### The data
****************************************

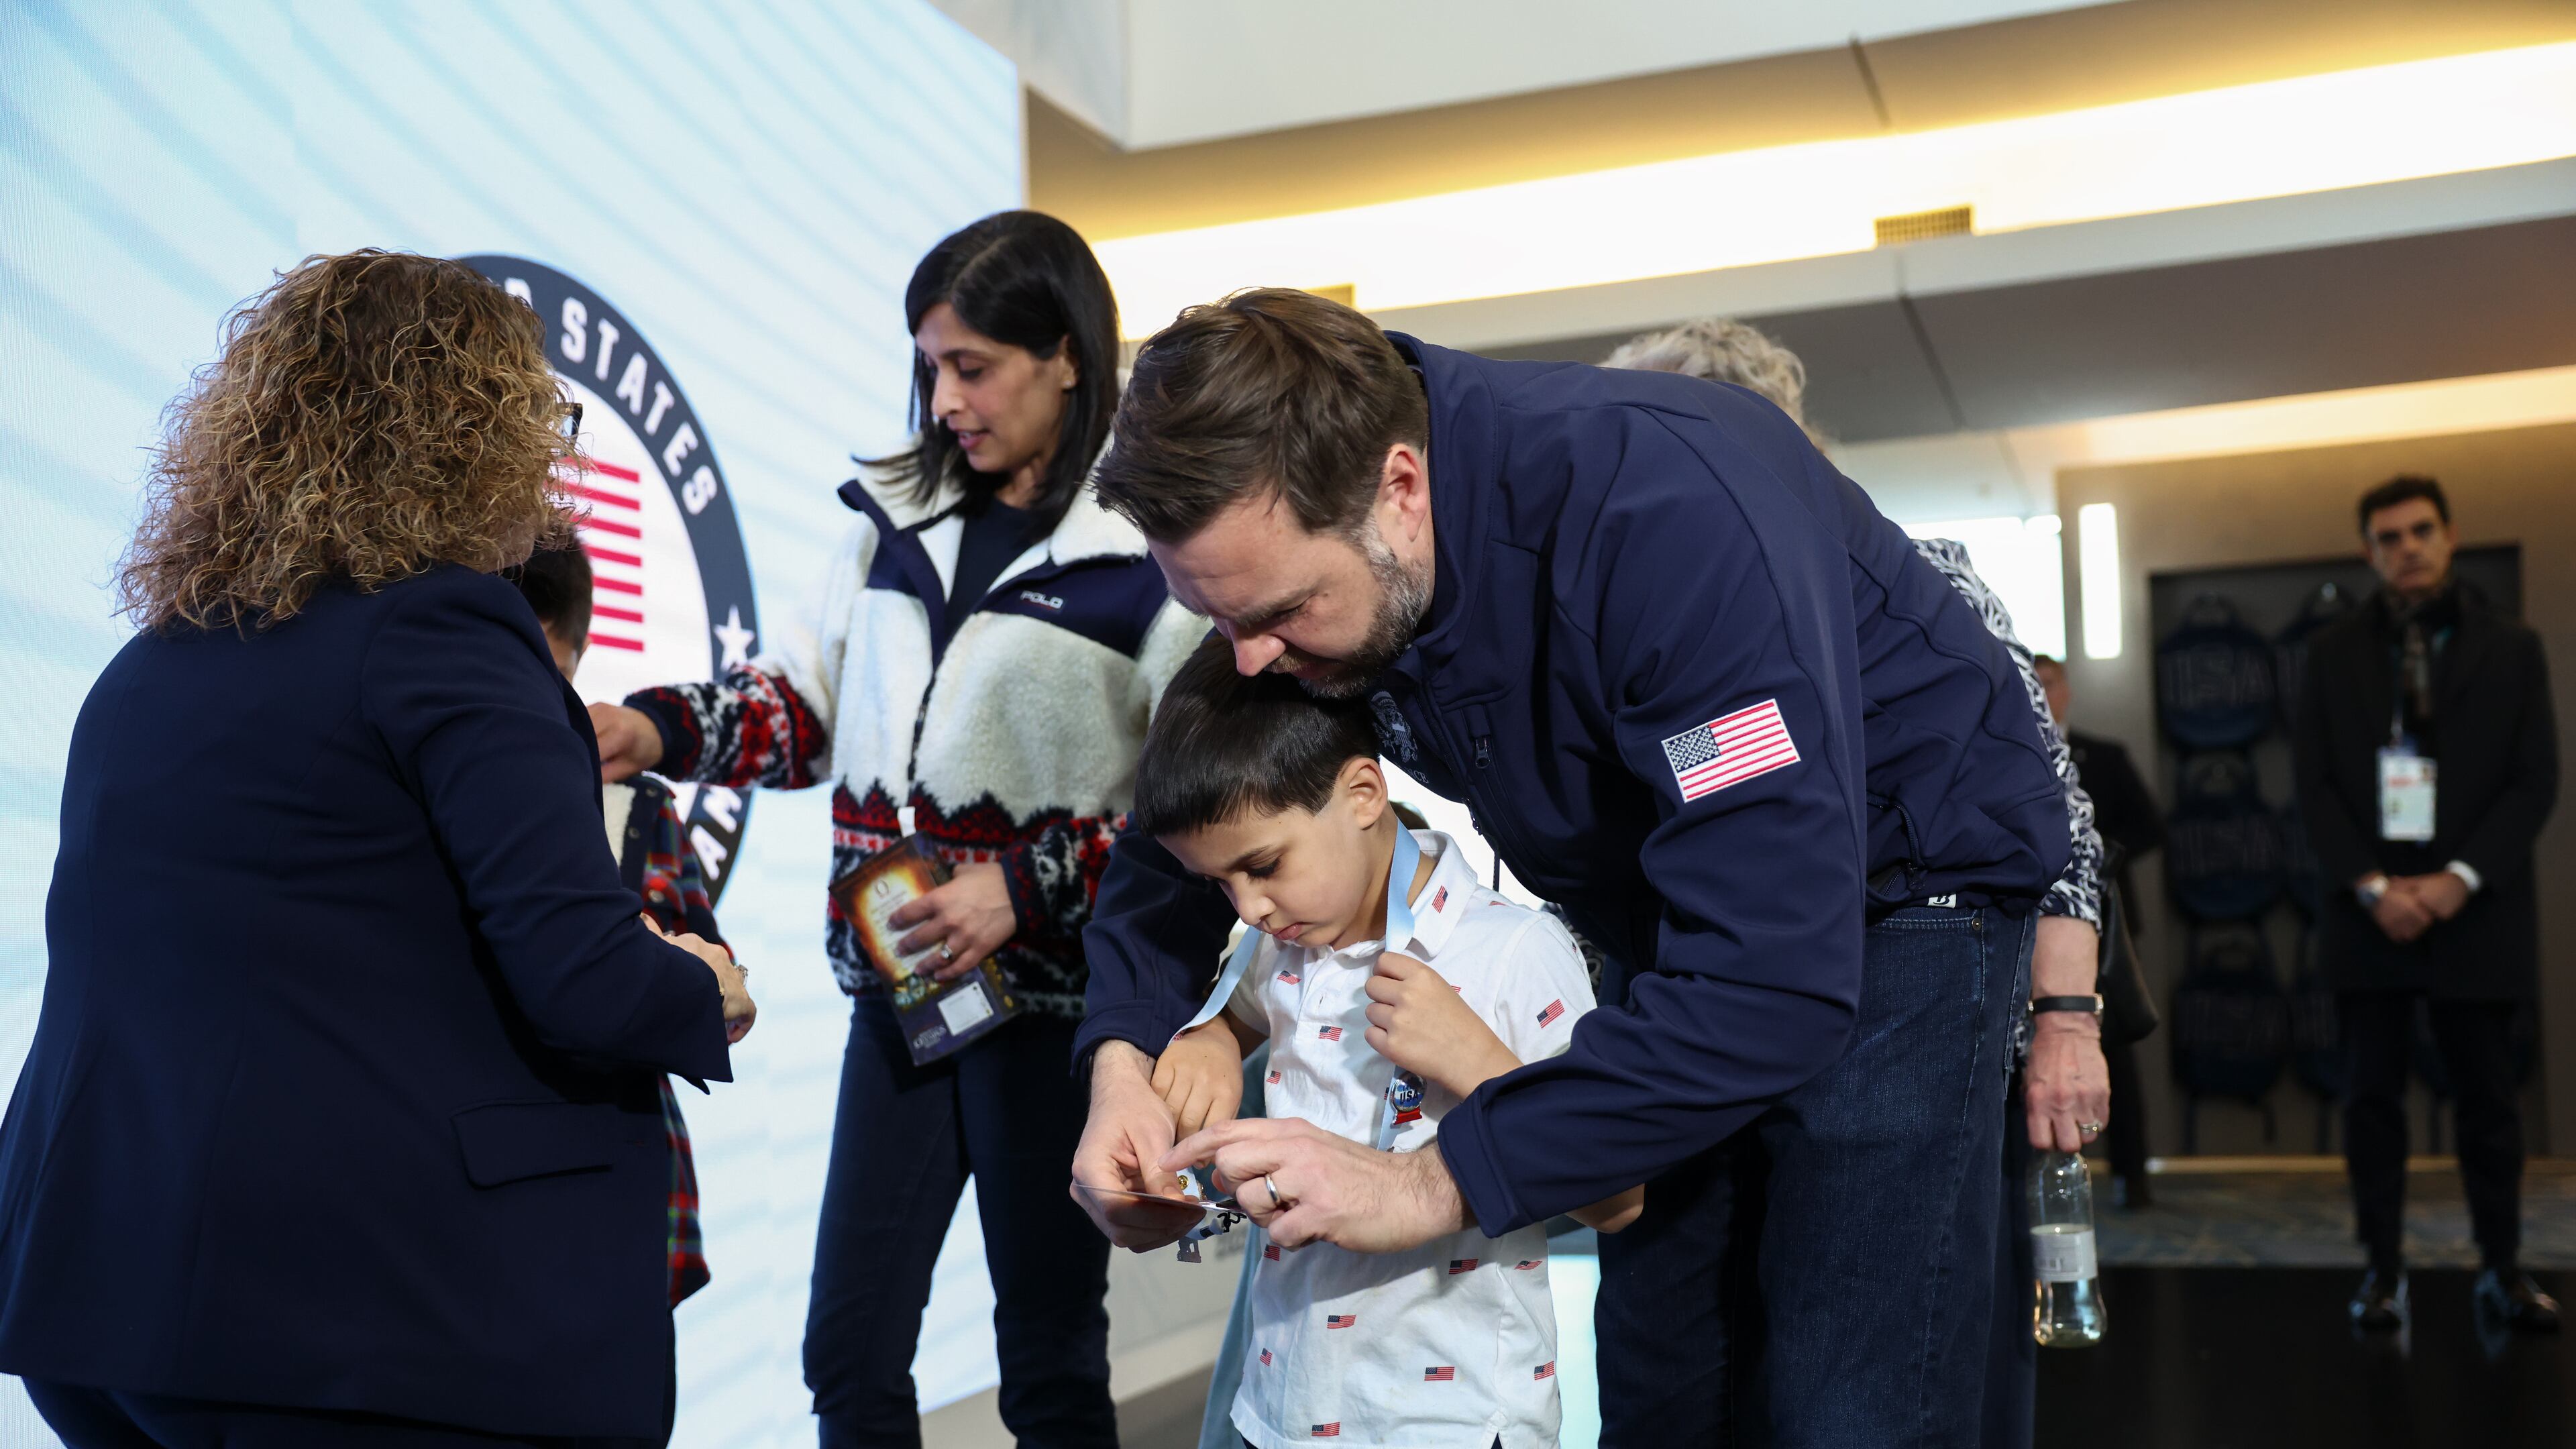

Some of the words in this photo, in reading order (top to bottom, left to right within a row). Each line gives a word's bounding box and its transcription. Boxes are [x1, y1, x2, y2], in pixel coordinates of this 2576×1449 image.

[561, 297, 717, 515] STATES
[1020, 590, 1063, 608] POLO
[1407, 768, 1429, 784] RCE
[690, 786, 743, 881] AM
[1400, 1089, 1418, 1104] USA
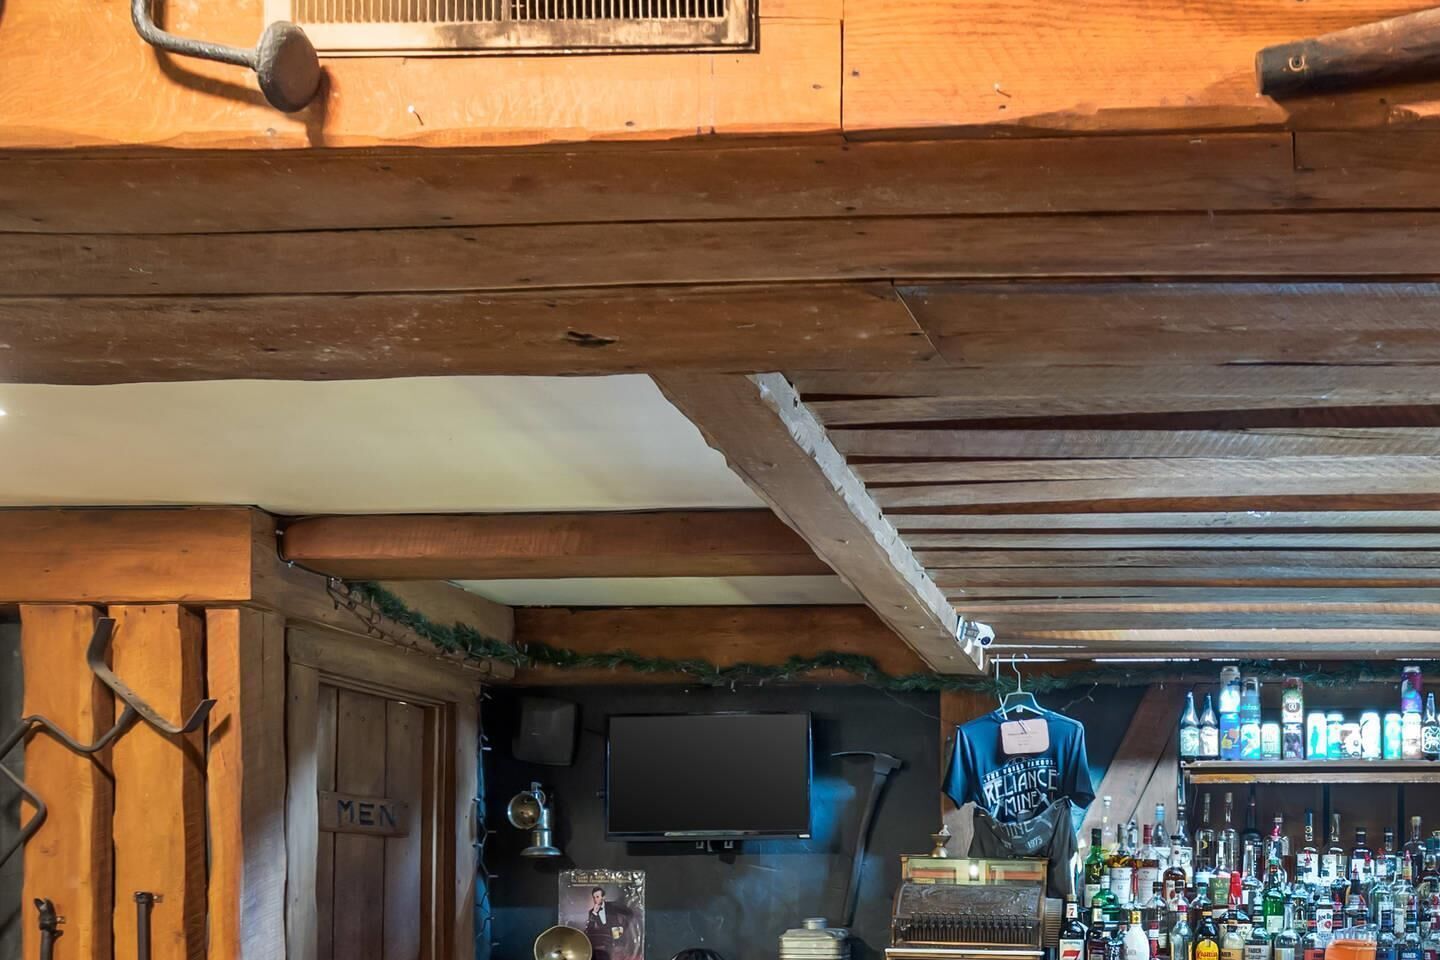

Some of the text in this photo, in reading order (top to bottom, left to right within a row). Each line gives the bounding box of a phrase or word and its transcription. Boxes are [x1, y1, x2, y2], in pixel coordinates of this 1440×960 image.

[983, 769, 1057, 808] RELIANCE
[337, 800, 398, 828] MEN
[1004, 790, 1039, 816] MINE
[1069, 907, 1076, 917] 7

****************************************

### Work instructions
The requested lines run from the one with "Some of the text" through the last line of the records. Return them exactly.

### Exercise response
Some of the text in this photo, in reading order (top to bottom, left to right within a row). Each line gives the bounding box of a phrase or word and its transcription. Boxes are [x1, y1, x2, y2], in pixel coordinates of this 1440×960 image.

[983, 769, 1057, 808] RELIANCE
[337, 800, 398, 828] MEN
[1004, 790, 1039, 816] MINE
[1069, 907, 1076, 917] 7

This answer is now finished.